Nearly half a million Afghans have left Pakistan since the beginning of October, when the Islamabad government announced it would arrest and deport foreigners living in the country illegally. Most of them are from neighboring Afghanistan, although Islamabad says the policy does not target any specific nationality.

The forced return is increasing pressure on Afghanistan and aid agencies, which are providing most essential services such as health care. Freezing temperatures are rising and conditions at the border remain critical.

“Many Afghan returnees, including women and children, are vulnerable, who could lose their lives in the harsh winter if left without adequate shelter,” the UN refugee agency said in a report published on Friday (Dec 8). “People arriving at the border are exhausted and need immediate assistance as well as psychosocial support.”

Families told the agency they were worried that cold winter temperatures in some areas, especially mountainous areas, might prevent them from returning home immediately.

“Many people are arriving with illnesses such as bronchitis as a result of the cold weather and difficult travel through Pakistan,” the agency said in a message to The Associated Press on Sunday (December 10). “They may not have all their belongings, including clothing, and therefore be unable to protect themselves from the elements.”

It said that among those returning to Afghanistan, there are also families who have never lived in the country. They have lived in Pakistan for one or more generations and may not have a home or extended family to return to.

Paying rent requires cash, while families with few existing social networks can stay with family or friends. Others may return to homes in need of repairs. The agency said it will provide tents to such families.

“Those with no place to go, with limited means, may live in camps set up near the border,” the refugee agency said.

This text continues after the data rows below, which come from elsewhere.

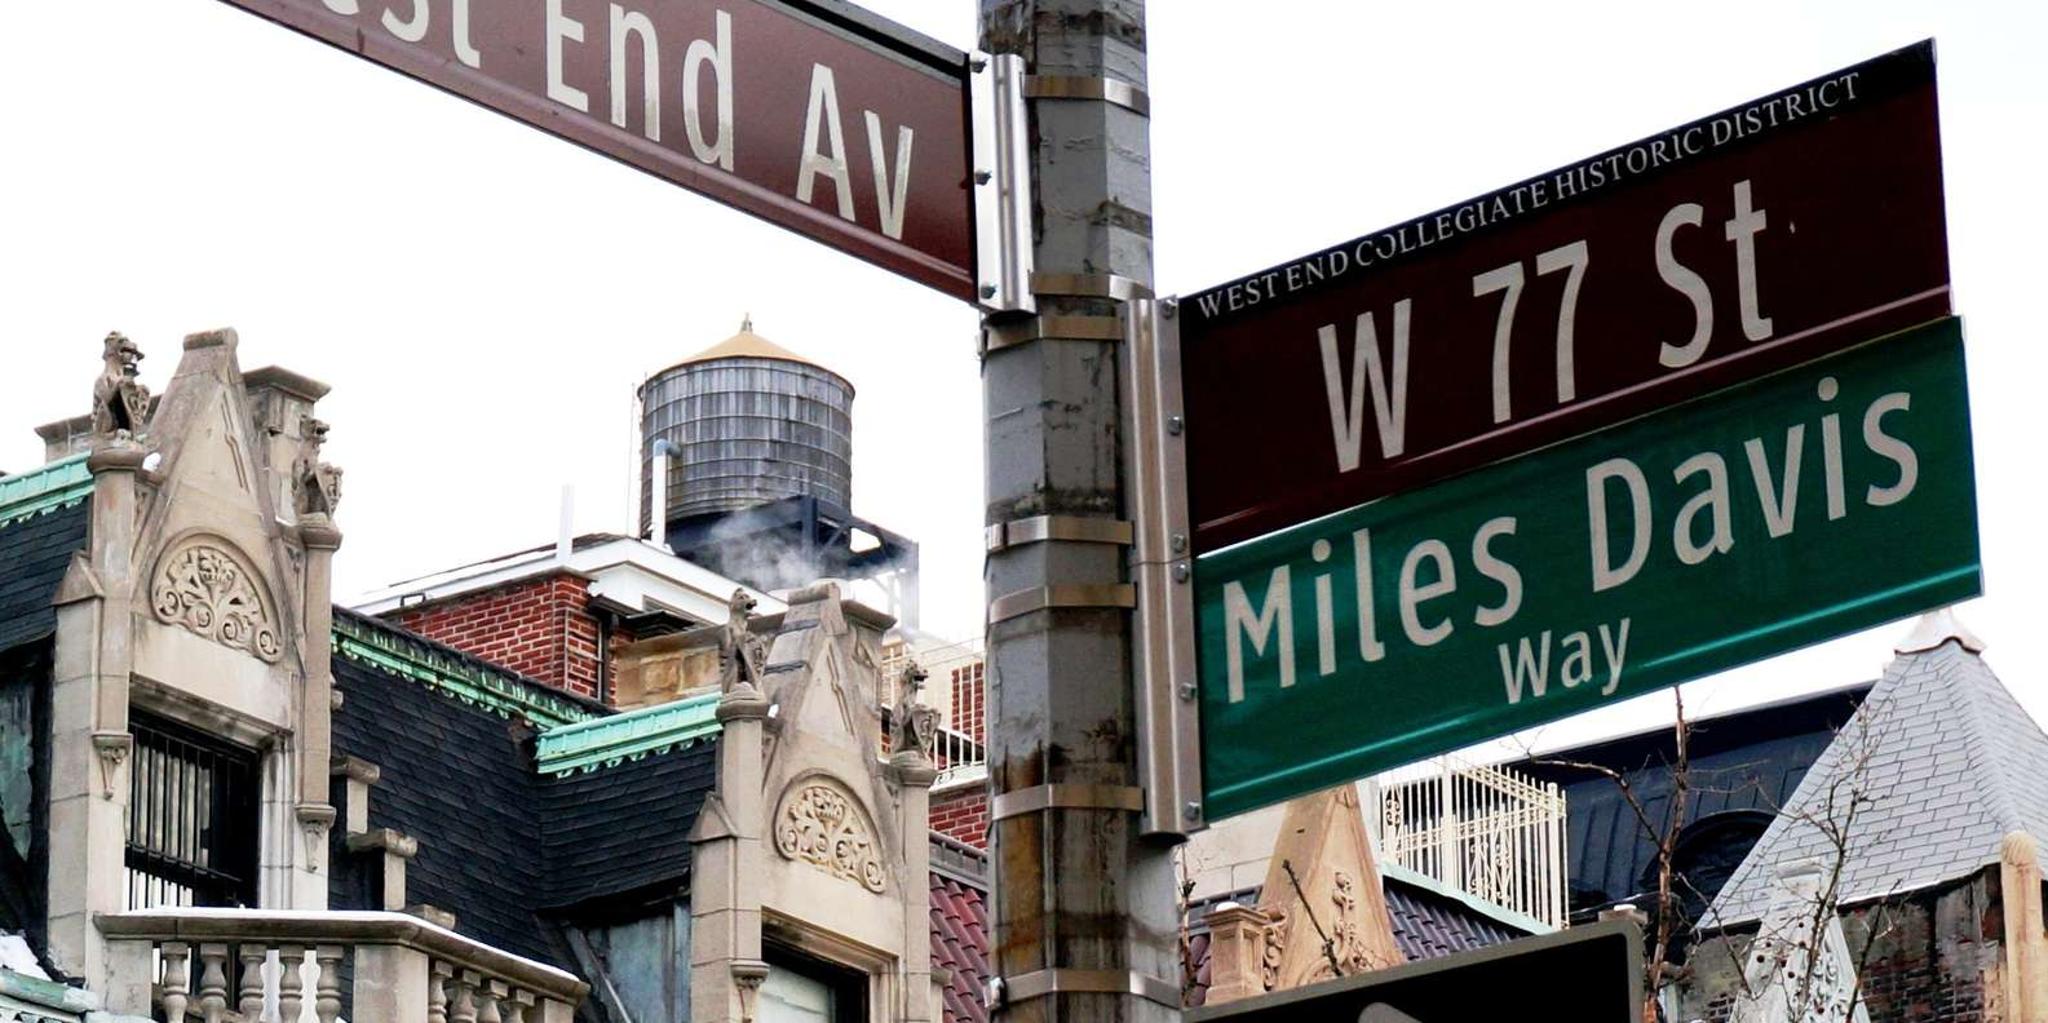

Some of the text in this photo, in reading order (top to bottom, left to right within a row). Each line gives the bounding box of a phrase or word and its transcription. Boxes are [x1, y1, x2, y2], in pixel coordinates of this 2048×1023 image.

[546, 0, 914, 240] End Av
[1197, 72, 1859, 319] WEST END COLLEGIATE HISTORIC DISTRICT
[1318, 179, 1774, 473] W 77 St
[1223, 376, 1919, 703] Miles Davis
[1499, 617, 1631, 704] Way
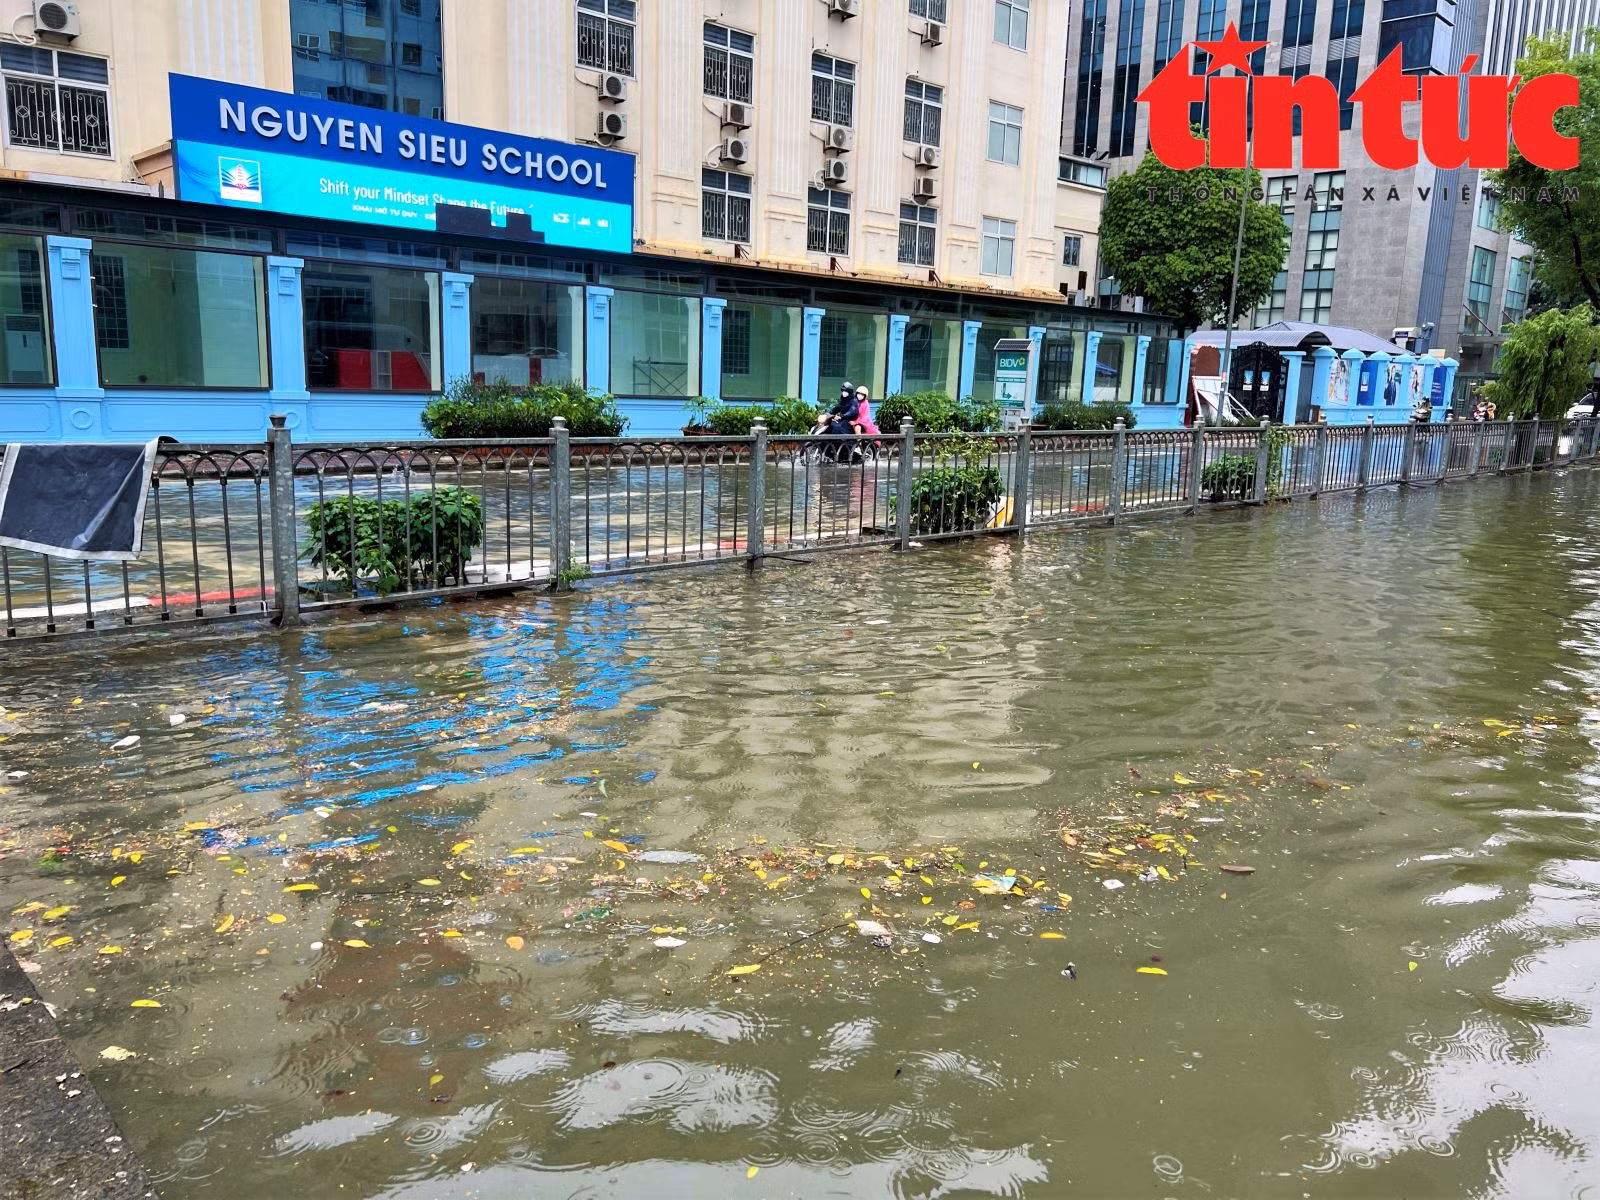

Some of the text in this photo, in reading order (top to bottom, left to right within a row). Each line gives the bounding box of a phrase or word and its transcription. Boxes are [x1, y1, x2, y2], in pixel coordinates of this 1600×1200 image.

[219, 98, 608, 190] NGUYEN SIEU SCHOOL
[319, 178, 350, 196] Shift
[353, 186, 381, 201] your
[384, 187, 430, 207] Mindset
[999, 358, 1019, 368] BIDV

The Taliban committee said it was distributing food, water, SIM cards, clothes and cash at two major border crossings: Torkham and Spin Boldak. The committee said Sunday that families are also learning about Afghanistan, the Islamic system, temporary living arrangements, registration and relocation.

But extreme temperatures and limited access to clean water and sanitation have led to an increase in infectious diseases and malnutrition.

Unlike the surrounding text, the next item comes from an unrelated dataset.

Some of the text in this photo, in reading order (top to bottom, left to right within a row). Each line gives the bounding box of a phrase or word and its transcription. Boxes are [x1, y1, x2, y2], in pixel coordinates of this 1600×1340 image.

UN Women said there are additional challenges for Afghan women and girls leaving Pakistan as they have to deal with Taliban restrictions that can affect their mobility and access to information and services if they have no male relatives. It expressed similar concerns after deadly earthquakes struck the west of Afghanistan in October.

The agency said about 80 percent of the Afghans returning from Torkham and Spin Boldak were women and children.

In its latest report published on Friday, it said many women have gone through “tragic experiences” in Pakistan, including being victims of illegal detention, seeing their spouses or family members arrested, or being separated from relatives and alone. Including returning to Afghanistan.

The women told UN agencies that they were “forced” to hand over their property in exchange for transportation, to leave all their belongings behind, or to have their income confiscated by Pakistani authorities.

This action is highly controversial and has been condemned by human rights groups, the Taliban, aid agencies, and the United Nations.